Top of Data excerpts

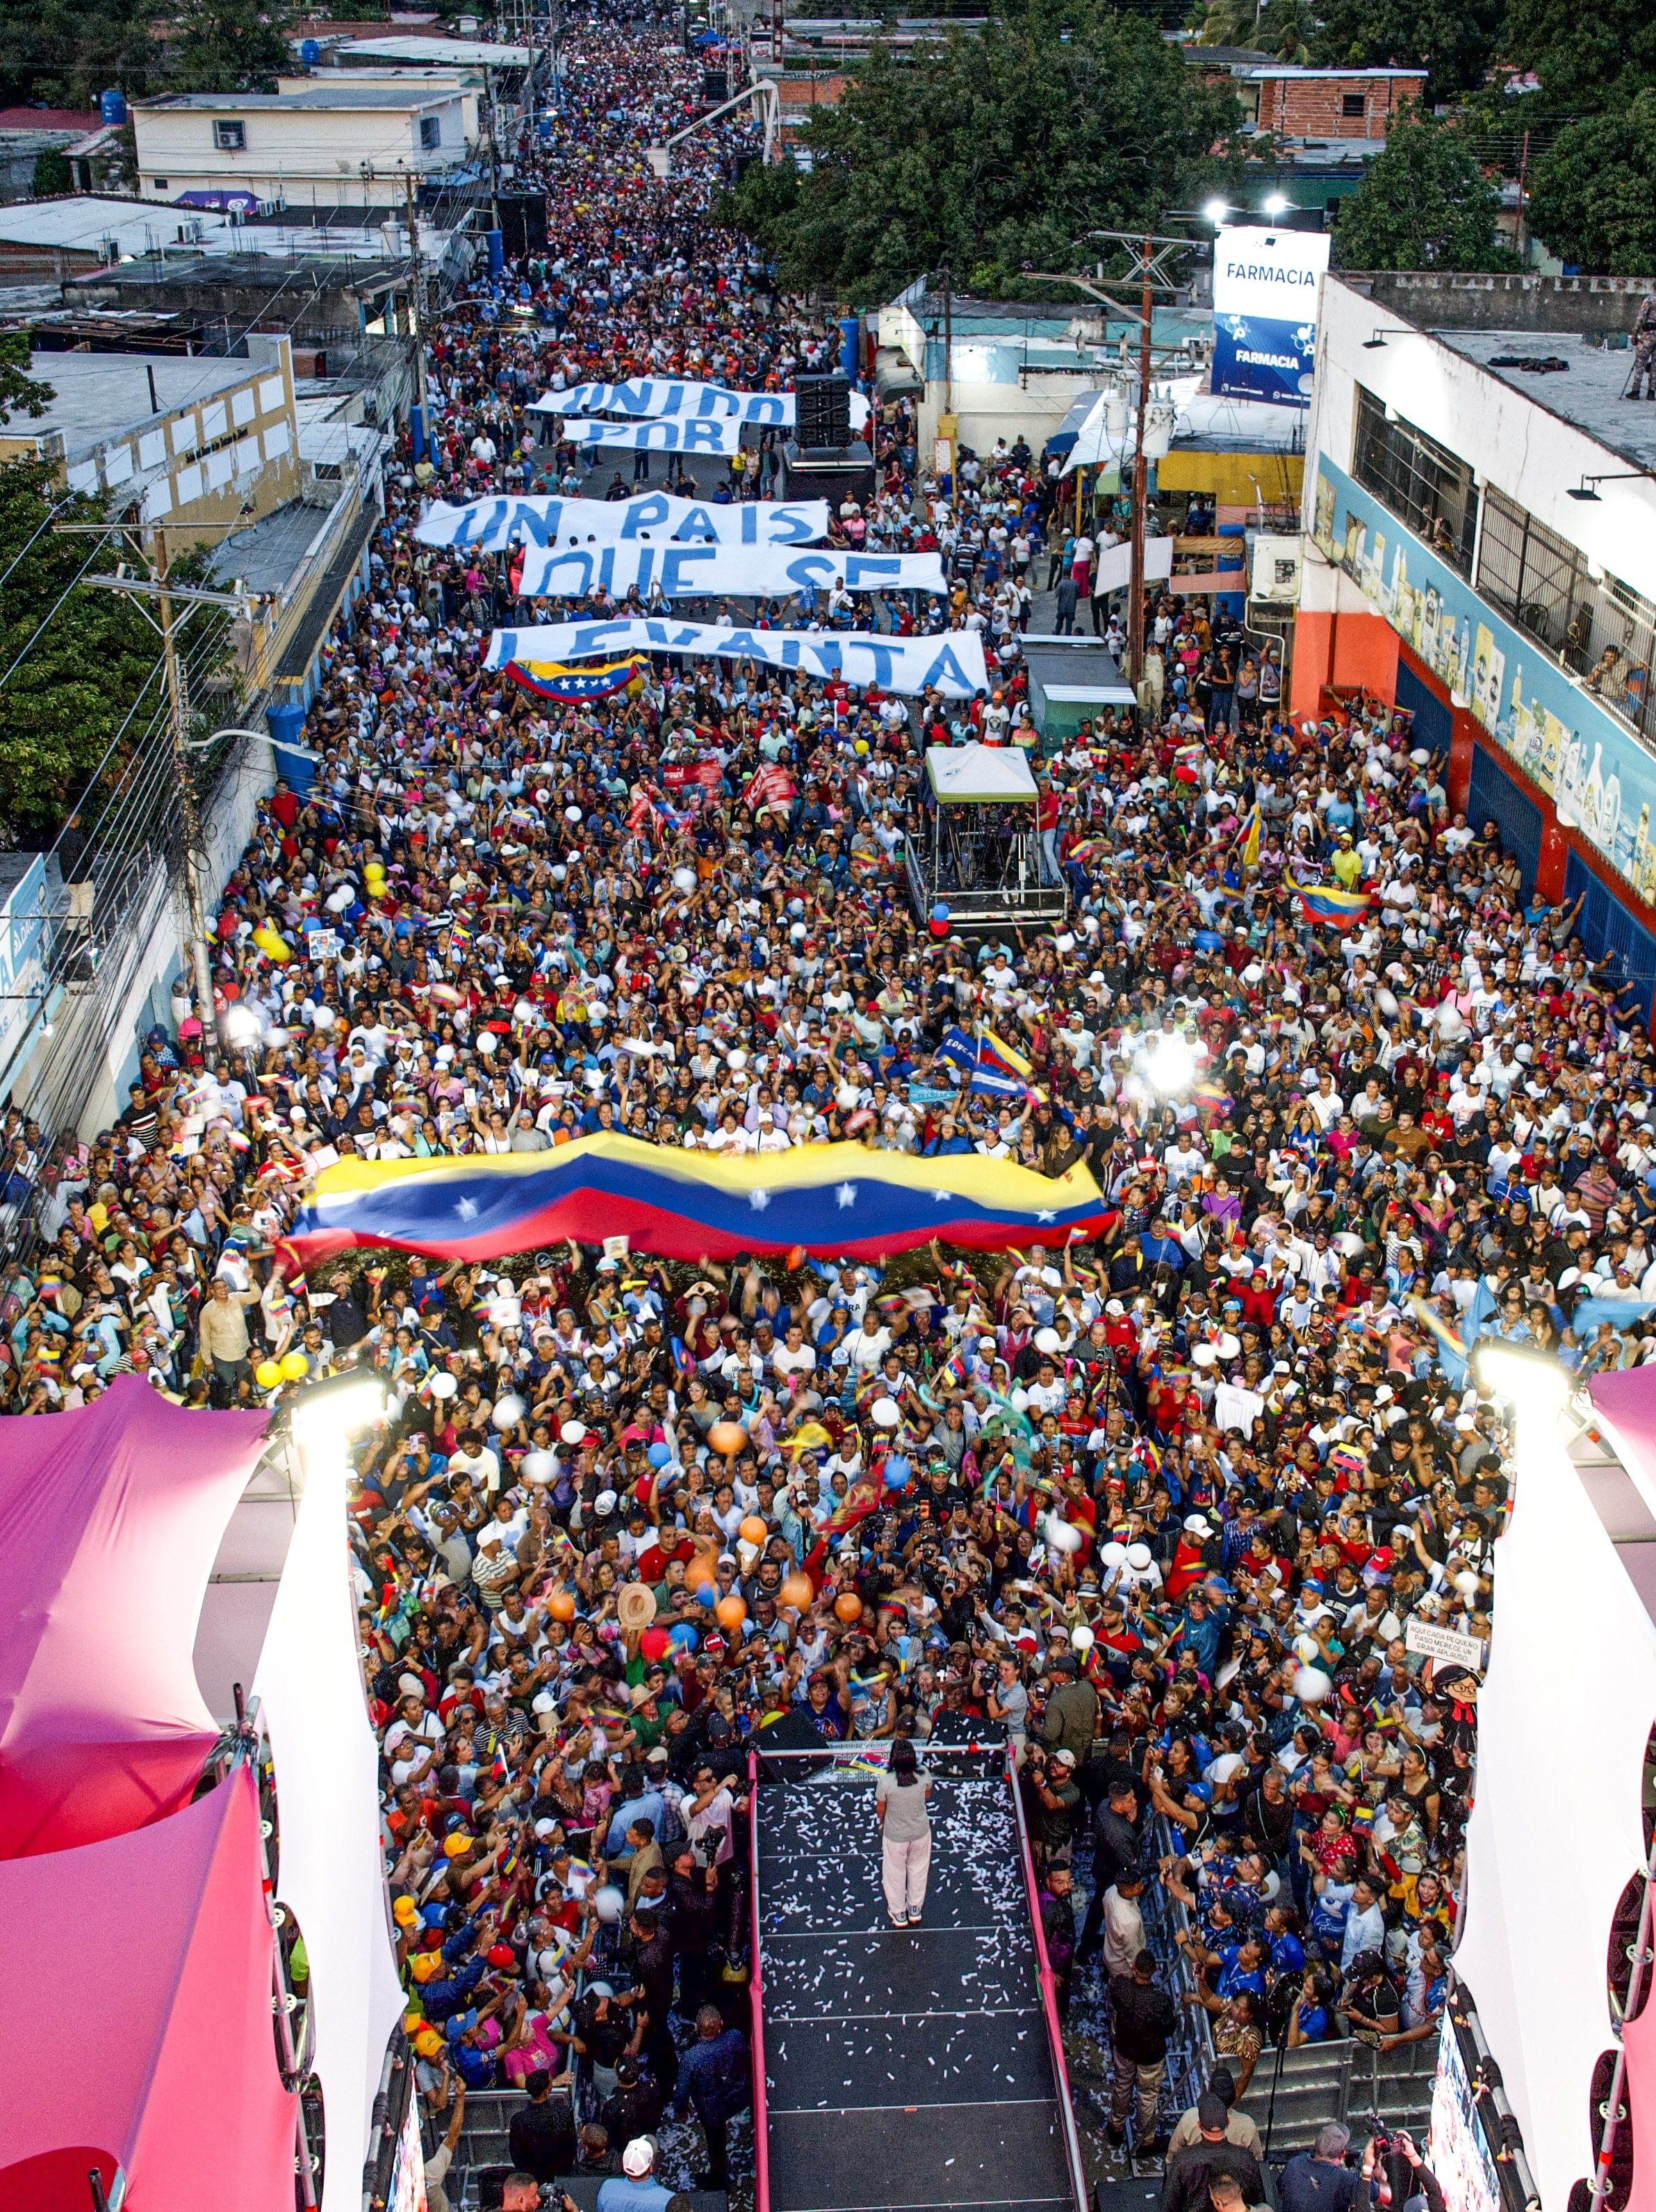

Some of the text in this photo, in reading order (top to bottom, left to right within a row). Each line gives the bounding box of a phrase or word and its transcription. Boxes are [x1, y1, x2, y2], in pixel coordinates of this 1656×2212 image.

[1227, 263, 1315, 286] FARMACIA
[1236, 350, 1299, 370] FARMACIA
[584, 418, 725, 453] POR
[453, 500, 564, 545] UN
[1414, 1634, 1433, 1644] PASO
[1434, 1639, 1461, 1653] MERECE
[1427, 1630, 1445, 1639] CADA
[1416, 1642, 1435, 1652] GRAN

Bottom of Data excerpts

> **Task to carry out**: The records need to be restated word for word, minus any images.

> **Expected answer**:
Some of the text in this photo, in reading order (top to bottom, left to right within a row). Each line gives the bounding box of a phrase or word and its transcription. Boxes are [x1, y1, x2, y2], in pixel coordinates of this 1656×2212 image.

[1227, 263, 1315, 286] FARMACIA
[1236, 350, 1299, 370] FARMACIA
[584, 418, 725, 453] POR
[453, 500, 564, 545] UN
[1414, 1634, 1433, 1644] PASO
[1434, 1639, 1461, 1653] MERECE
[1427, 1630, 1445, 1639] CADA
[1416, 1642, 1435, 1652] GRAN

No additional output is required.